IDEA stands for International Data Encryption Algorithm. IDEA is a symmetric encryption algorithm that was developed by Dr. X. Lai and Prof. J. Massey to replace the DES standard. Unlike DES though it uses a 128 bit key. This key length makes it impossible to break by simply trying every key. It has been one of the best publicly known algorithms for some time. It has been around now for several years, and no practical attacks on it have been published despite of numerous attempts to analyze it. IDEA is resistant to both linear and differential analysis.

RC2

RC2 is a variable-key-length cipher. It was invented by Ron Rivest for RSA Data Security, Inc. Details for this algorithm have not been published.

RC4

RC4 was developed by Ron Rivest in 1987. It is a variable-key-size stream cipher. It is a cipher with a key size of up to 2048 bits (256 bytes). The algorithm is very fast. Its security is unknown, but breaking it does not seem trivial either. Because of its speed, it may have uses in certain applications. It accepts keys of arbitrary length. RC4 is essentially a pseudo random number generator, and the output of the generator is exclusive-ored with the data stream.

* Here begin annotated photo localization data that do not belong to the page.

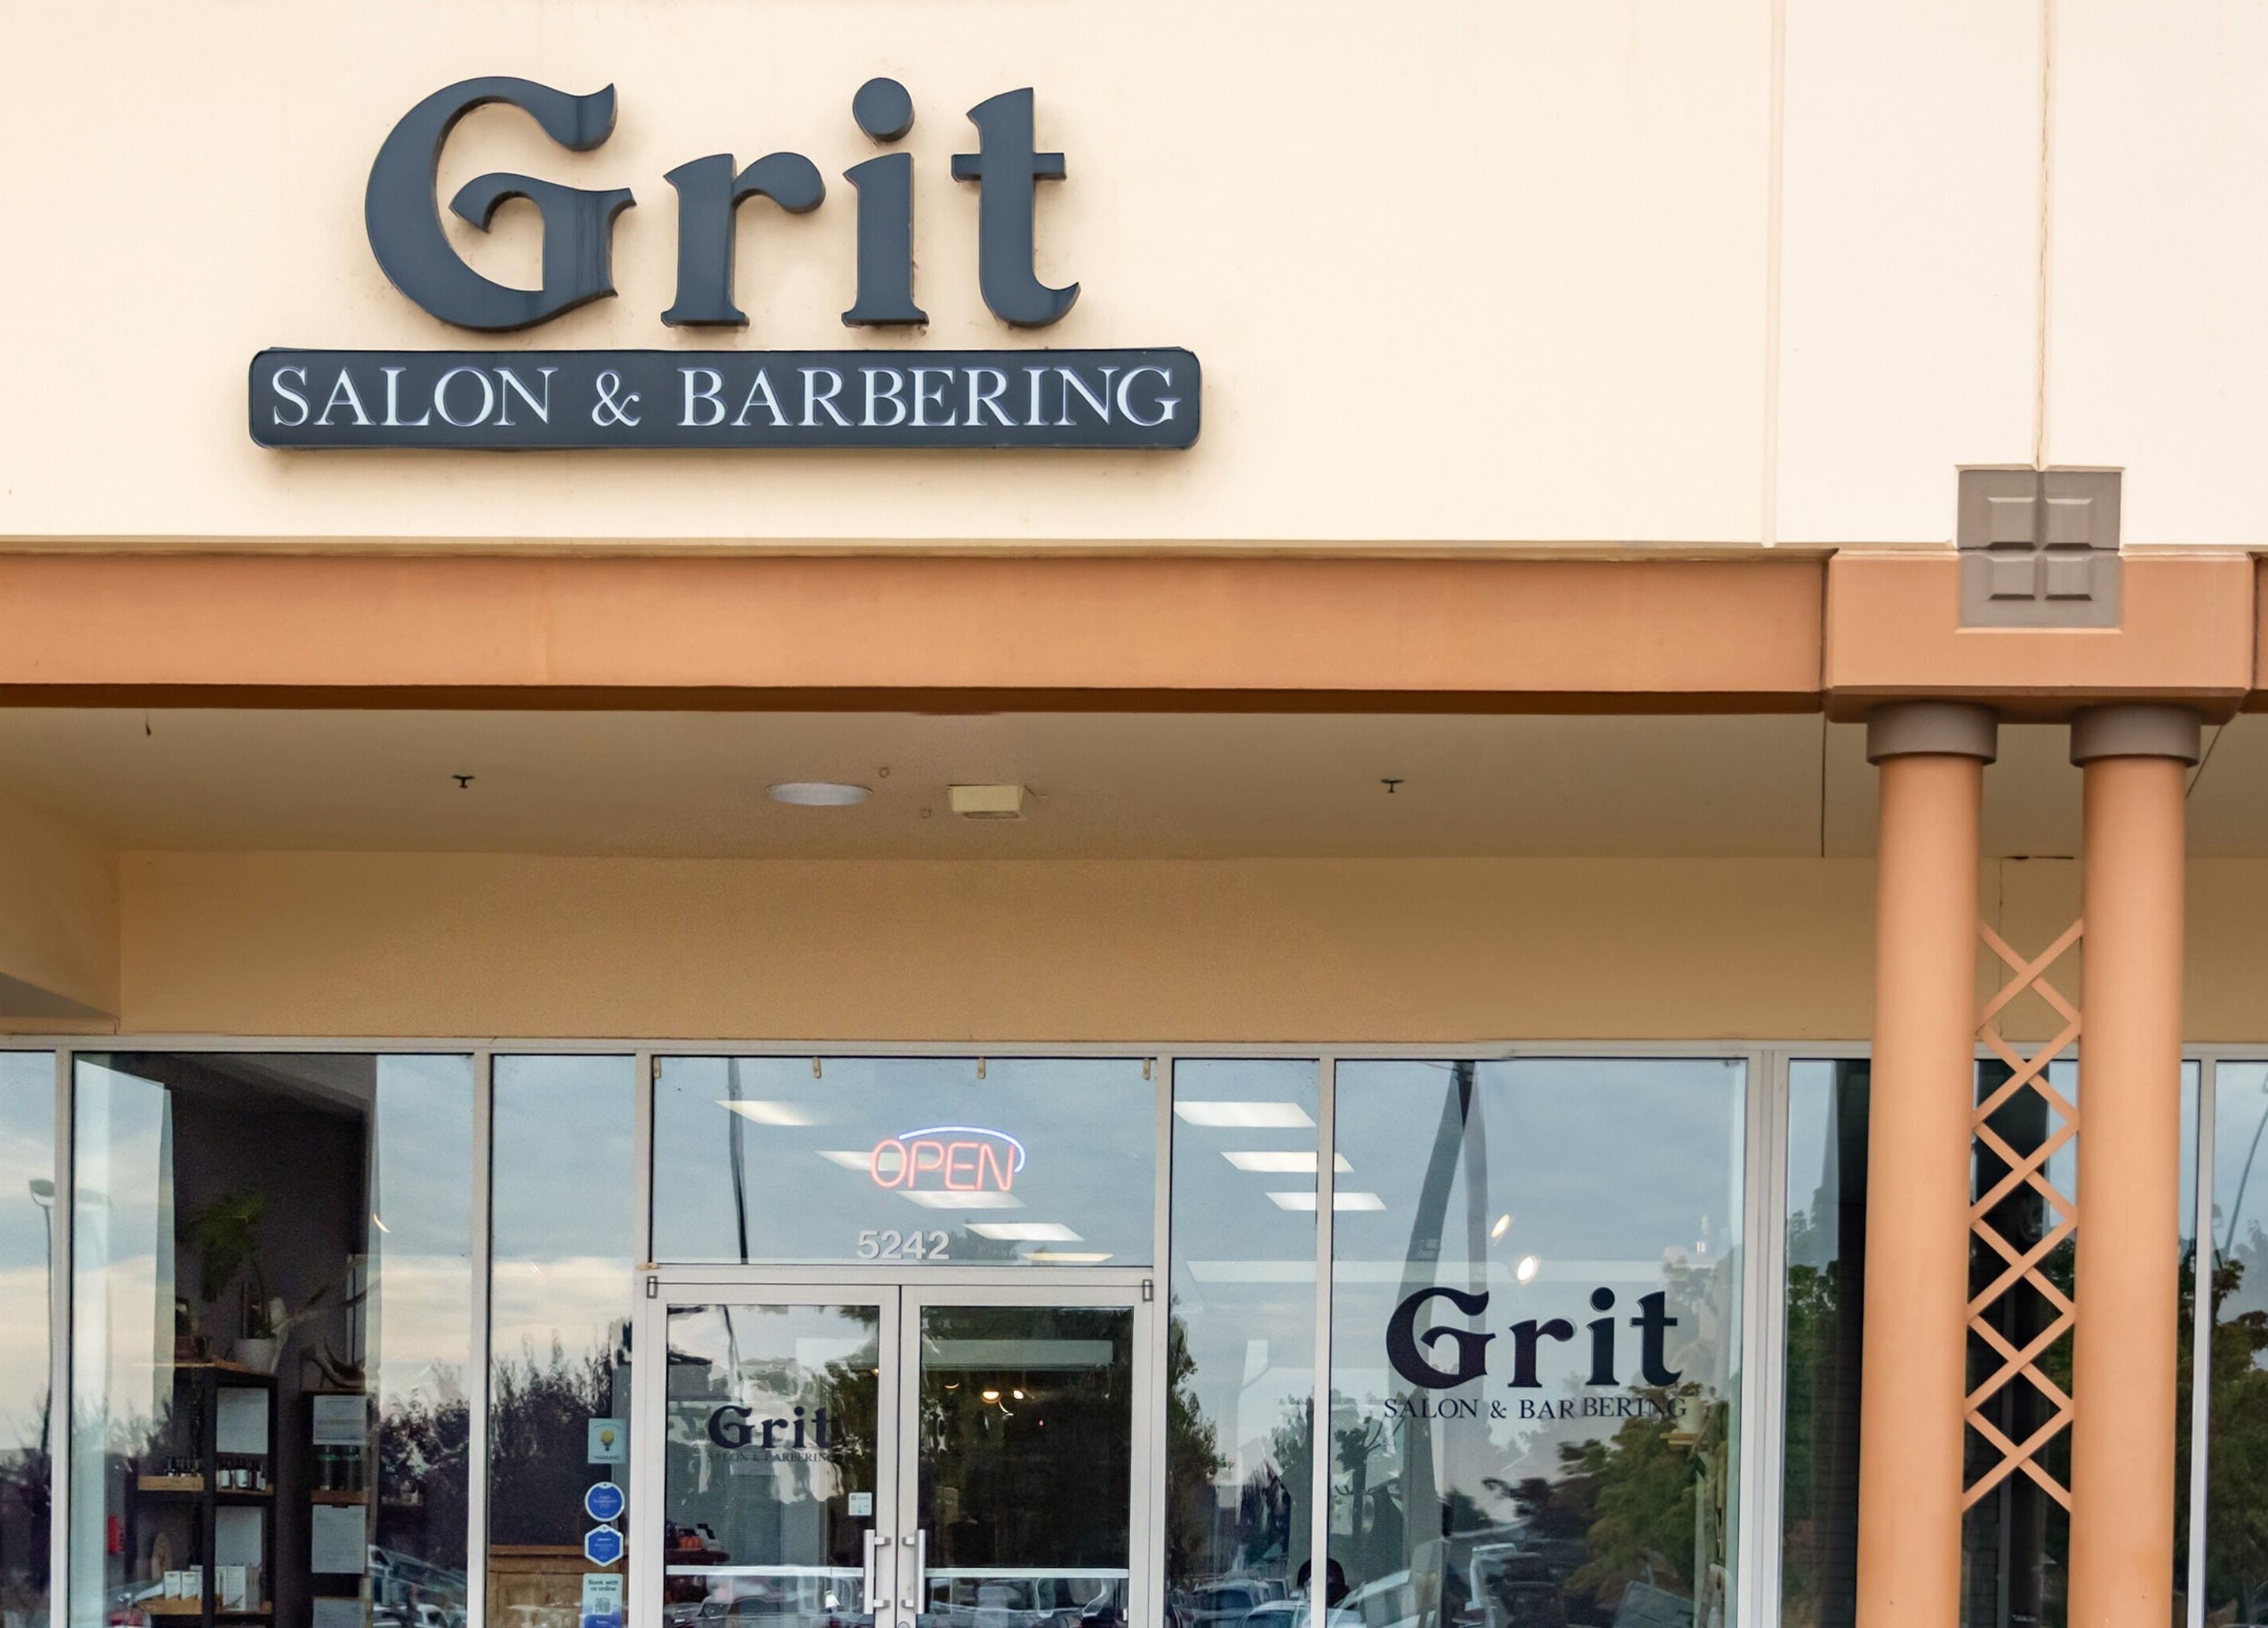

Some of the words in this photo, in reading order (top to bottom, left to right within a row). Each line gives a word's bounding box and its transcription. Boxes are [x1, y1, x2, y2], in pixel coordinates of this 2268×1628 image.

[365, 76, 1081, 333] Grit
[271, 365, 558, 429] SALON
[593, 367, 641, 429] &
[676, 365, 1181, 429] BARBERING
[871, 1138, 1016, 1191] OPEN
[858, 1229, 950, 1260] 5242
[1386, 1286, 1682, 1389] Grit
[708, 1405, 834, 1449] Grit
[1384, 1397, 1478, 1419] SALON
[1490, 1401, 1507, 1419] &
[1519, 1397, 1687, 1419] BARBERING

For this reason, it is very important that the same RC4 key never be used to encrypt two different data streams.

RC6

RC6 is a symmetric key block cipher derived from RC5. It was designed by Ron Rivest, Matt Robshaw, Ray Sidney, and Yiqun Lisa Yin to meet the requirements of the Advanced Encryption Standard (AES) competition. RC6 encryption algorithm was selected among the other finalists to become the new federal Advanced Encryption Standard (AES).

SEED

SEED is a block cipher developed by the Korea Information Security Agency since 1998. Both the block and key size of SEED are 128 bits and it has a Feistel Network structure which is iterated 16 times. It has been designed to resist differential and linear cryptanalysis as well as related key attacks. SEED uses two 8×8 S-boxes and mixes the XOR operation with modular addition. SEED has been adopted as an ISO/IEC standard (ISO/IEC 18033-3), an IETF RFC, RFC 4269 as well as an industrial association standard of Korea (TTAS.KO-12.0004/0025).

Serpent

Serpent is a very fast and reasonably secure block cipher developed by Ross Anderson, Eli Biham and Lars Knudsen. Serpent can work with different combinations of key lengths. Serpent was also selected among other five finalists to become the new federal Advanced Encryption Standard (AES).

TEA

Tiny Encryption Algorithm is a very fast and moderately secure cipher produced by David Wheeler and Roger Needham of Cambridge Computer Laboratory. There is a known weakness in the key schedule, so it is not recommended if utmost security is required. TEA is provided in 16 and 32 round versions. The more rounds (iterations), the more secure, but this also makes this solution slower.

Triple DES

Triple DES is a variation of Data Encryption Standard (DES). It uses a 64-bit key consisting of 56 effective key bits and 8 parity bits. The size of the block for Triple-DES is 8 bytes. Triple-DES encrypts the data in 8-byte chunks. The idea behind Triple DES is to improve the security of DES by applying DES encryption three times using three different keys. Triple DES algorithm is very secure (major banks use it to protect valuable transactions), but it is also very slow.

Twofish

Twofish is a symmetric block cipher. Twofish has a block size of 128 bits and accepts keys of any length up to 256 bits.Twofish has key dependent S-boxes like Blowfish. Twofish encryption algorithm was designed by Bruce Schneier, John Kelsey, Chris Hall, Niels Ferguson, David Wagner and Doug Whiting. The National Institute of Standards and Technology (NIST) investigated Twofish as one of the candidates for the replacement of the DES encryption algorithm.